Why We're on the Fence About Writing What You Know

by Kathy Edens Aug 02, 2017, 1 Comments

"Write what you know" has been around forever. Some attribute it to Mark Twain and others to Hemingway. Regardless of who came up with this entreaty, my writing would be middle-class, ho-hum if I had to stick with only writing what I've experienced. Isn't that what research is for, right?

Then there are paragons like Isaac Asimov who prophesied the future with his science fiction work. True, he was a biochemistry professor at Boston University, but some of his work was way out there, well beyond biochemistry. Good thing he didn't stick to writing what he knew.

When You Shouldn't Write What You Know

When Googling this phrase, 79,900,000 results came up in 0.75 of a second. A lot of people are writing about not writing from your experiences. Some of the biggest publications like The Atlantic Monthly and The New York Times encourage you to step out of the little box you're living in and write something amazing from your imagination.

That's why we have fantastical, imaginative books by JK Rowling and Stephen King, amongst others. We wouldn't have Beatrix Potter's or Dr. Seuss's wonderful children's books, or best-sellers like The Time Traveler's Wife and The Handmaid's Tale.

Many authors tell you to just write, and when you come to a section that needs research, make a mark and continue. Don't break your flow by stopping to research. You can fill in with facts later.

Others say you should do your research up front so you can write with authority. It will authenticate your word choices and the scenes you create if you have a good understanding of your topic based on research.

How many crime novel writers had to do extensive research before creating block buster crime novels for adoring fans? A lot.

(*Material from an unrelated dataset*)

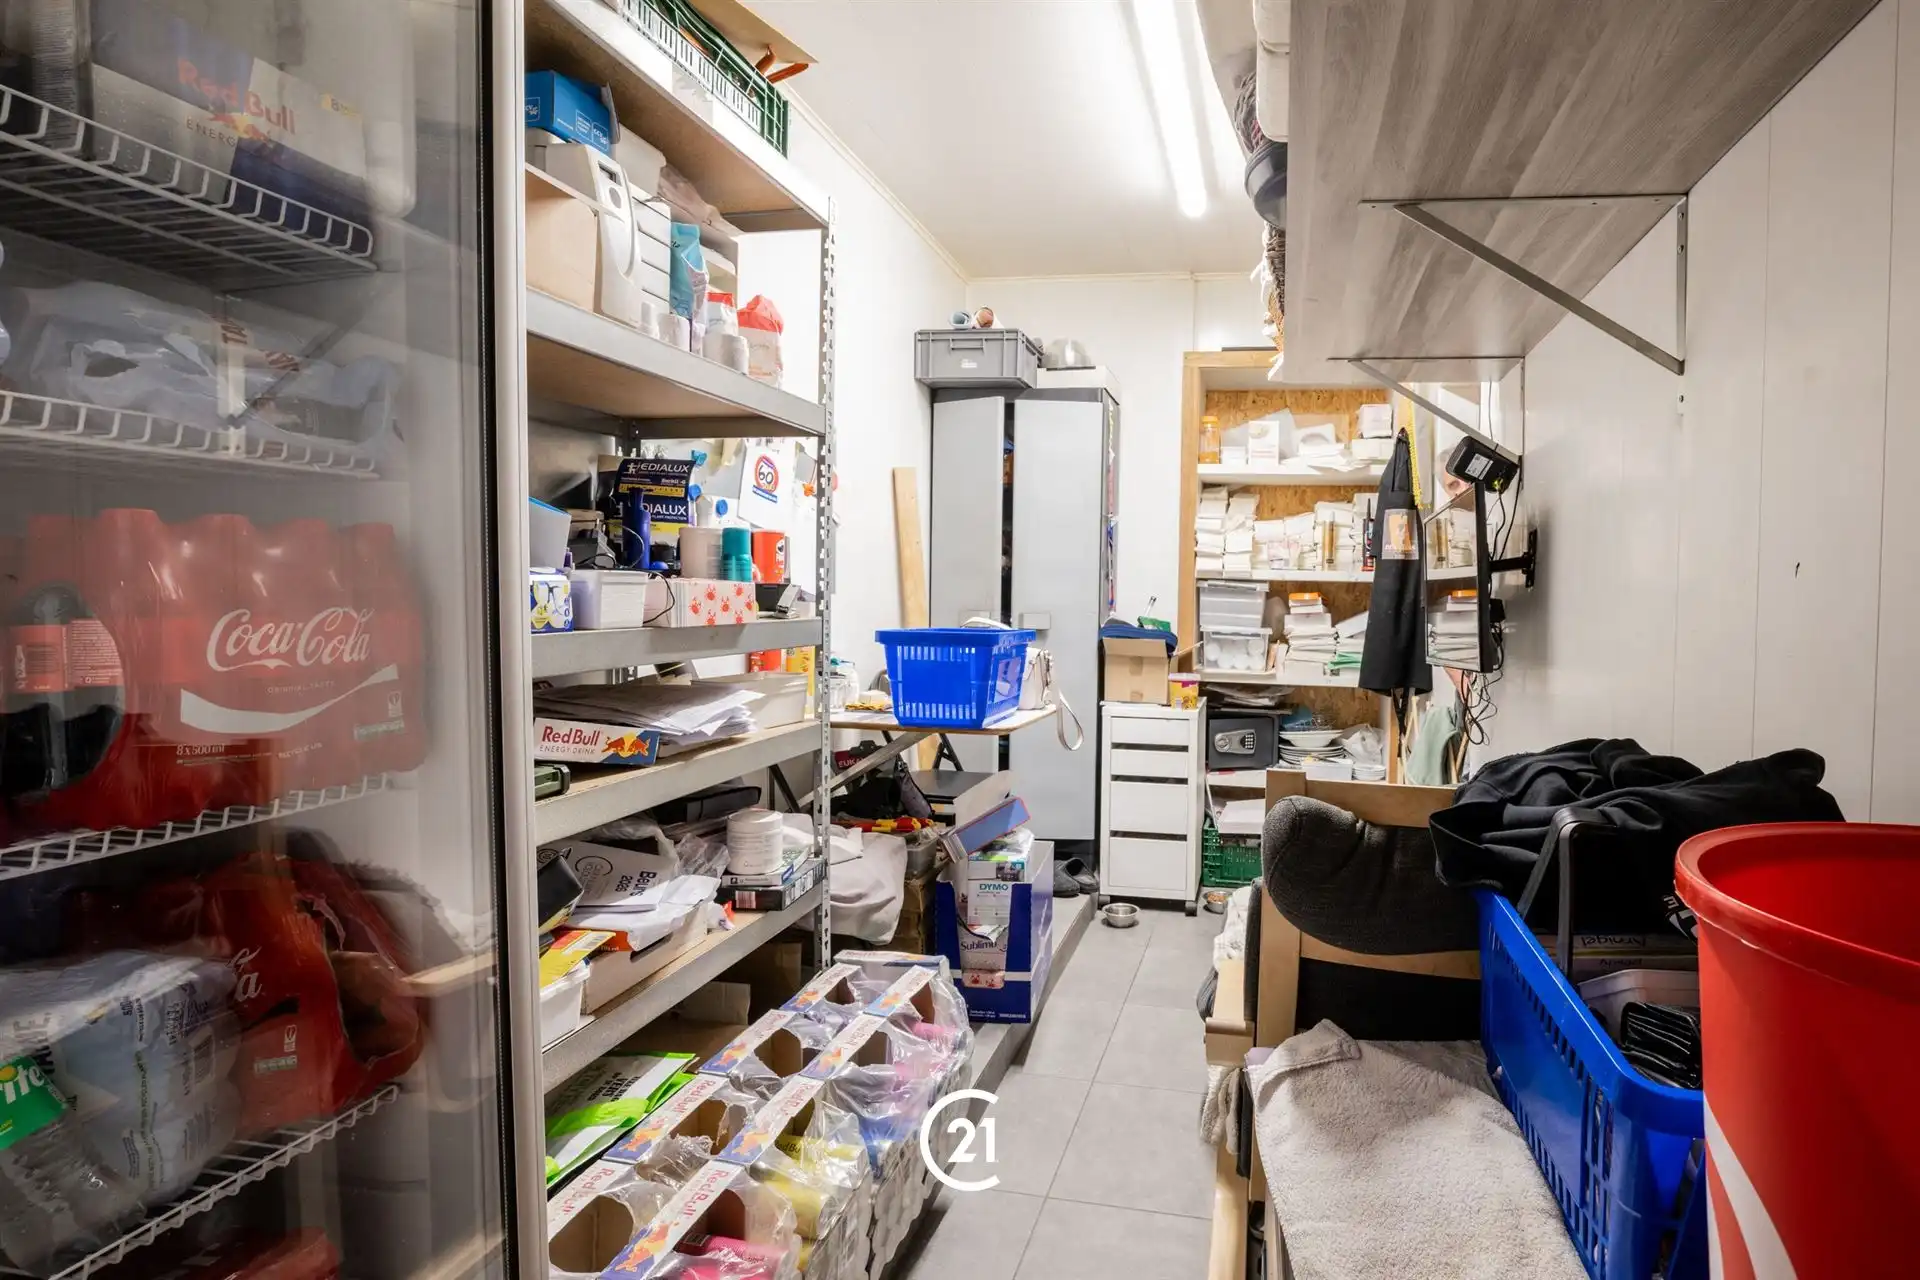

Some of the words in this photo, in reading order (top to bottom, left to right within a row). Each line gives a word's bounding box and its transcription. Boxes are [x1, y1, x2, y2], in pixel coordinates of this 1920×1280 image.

Then you have someone like Patricia Cornwell who writes about Dr. Kay Scarpetta, a medical examiner. Cornwell herself was a computer analyst at the Office of the Chief Medical Examiner in Richmond, Virginia. She had a pretty good foundation on which to build her amazing Scarpetta series. (If you haven't read any of them, you really should.) She's one who definitely writes what she knows.

But wait—her website says when she's not writing, she "tirelessly researches cutting-edge forensic technologies to include in her work."

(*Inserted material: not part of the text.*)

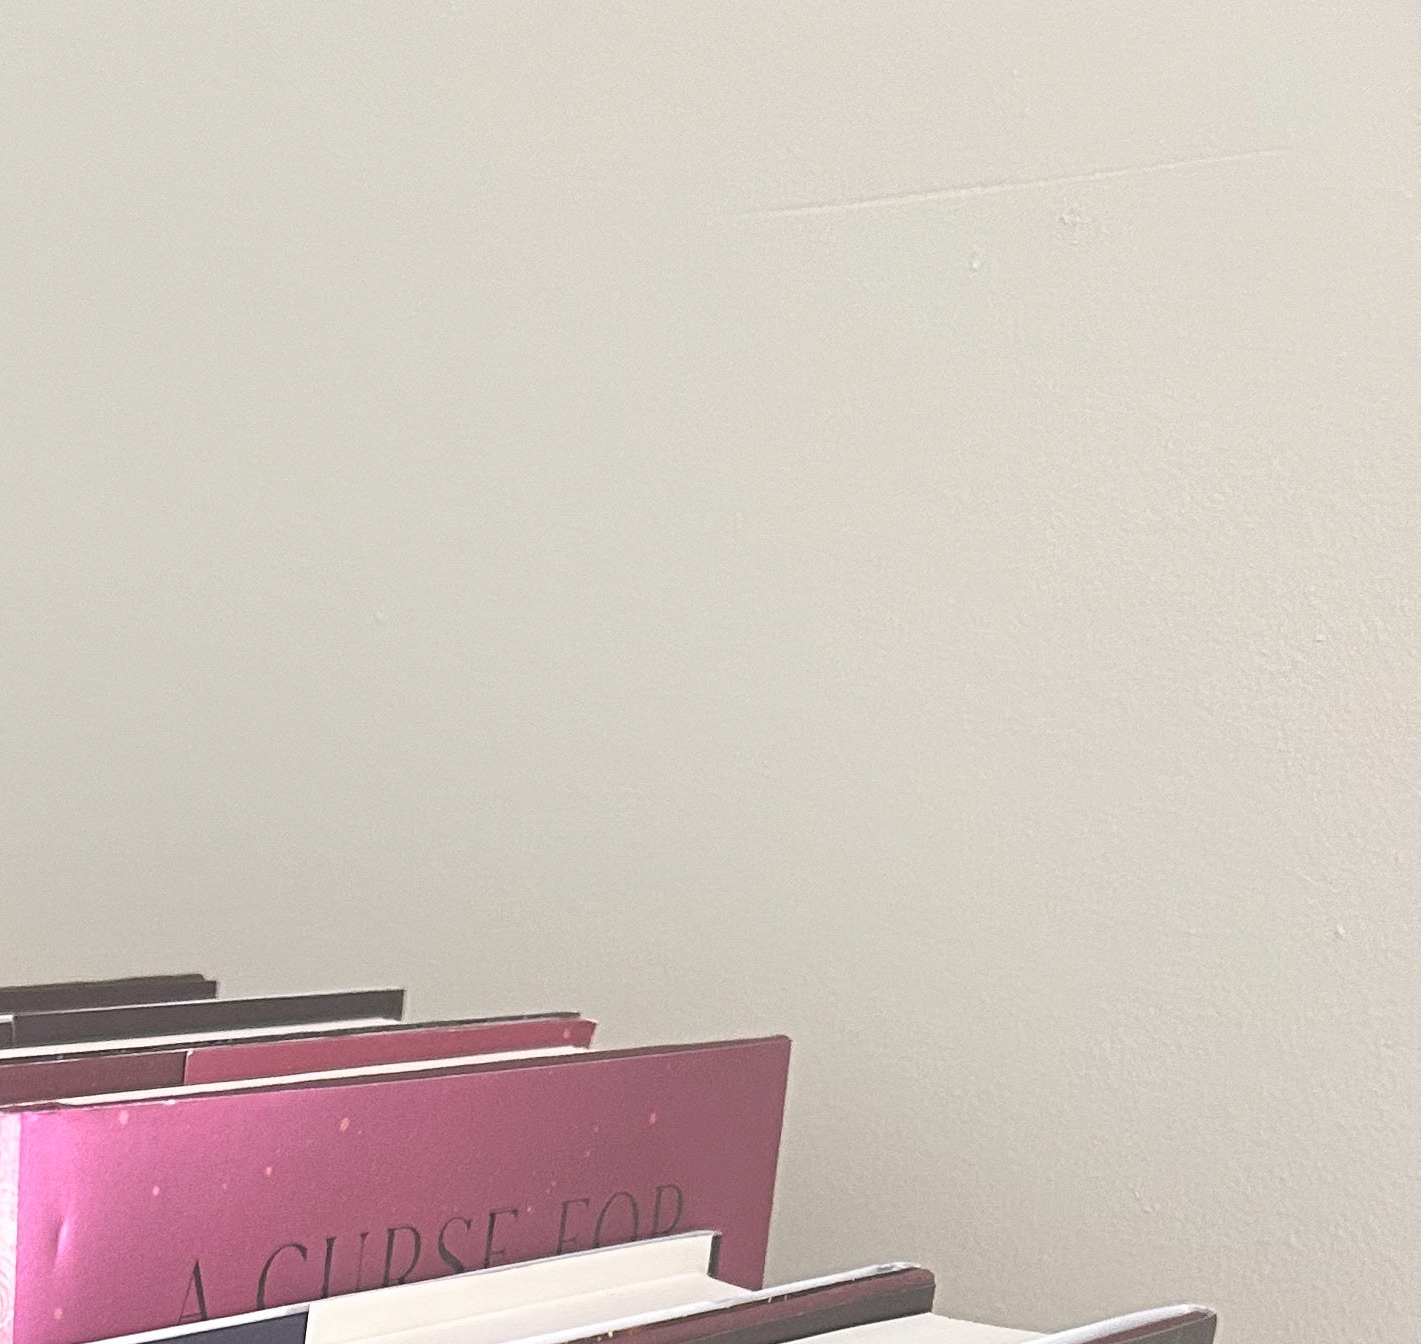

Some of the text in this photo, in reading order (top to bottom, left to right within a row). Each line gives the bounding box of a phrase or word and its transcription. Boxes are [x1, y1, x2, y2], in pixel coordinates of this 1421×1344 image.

So you can learn what you need to know to write great fiction.

When You Should Write What You Know

Let's poke the bear a little. When should a writer stick to writing what he knows?

A middle-aged, blue collar white man who's spent his entire life in the Rust Belt of America should never try to write a story told from the viewpoint of a teenage girl in the Middle East.

If you've never traveled outside of your country or participated in helping refugees in any way, you shouldn't write a story about a Syrian refugee family trying to find a new home.

I'm reading a well-written book about two NYC women who've been friends since grade school. They're in their mid-30s, wealthy, and pretty. The fact that it's written by a Bangladeshi man whose parents immigrated to the US in the 1970s blows my mind. I dug deep to find out more on this guy, and he said as a gay man, he's spent the majority of his time with women friends. He also said he has keen powers of observation.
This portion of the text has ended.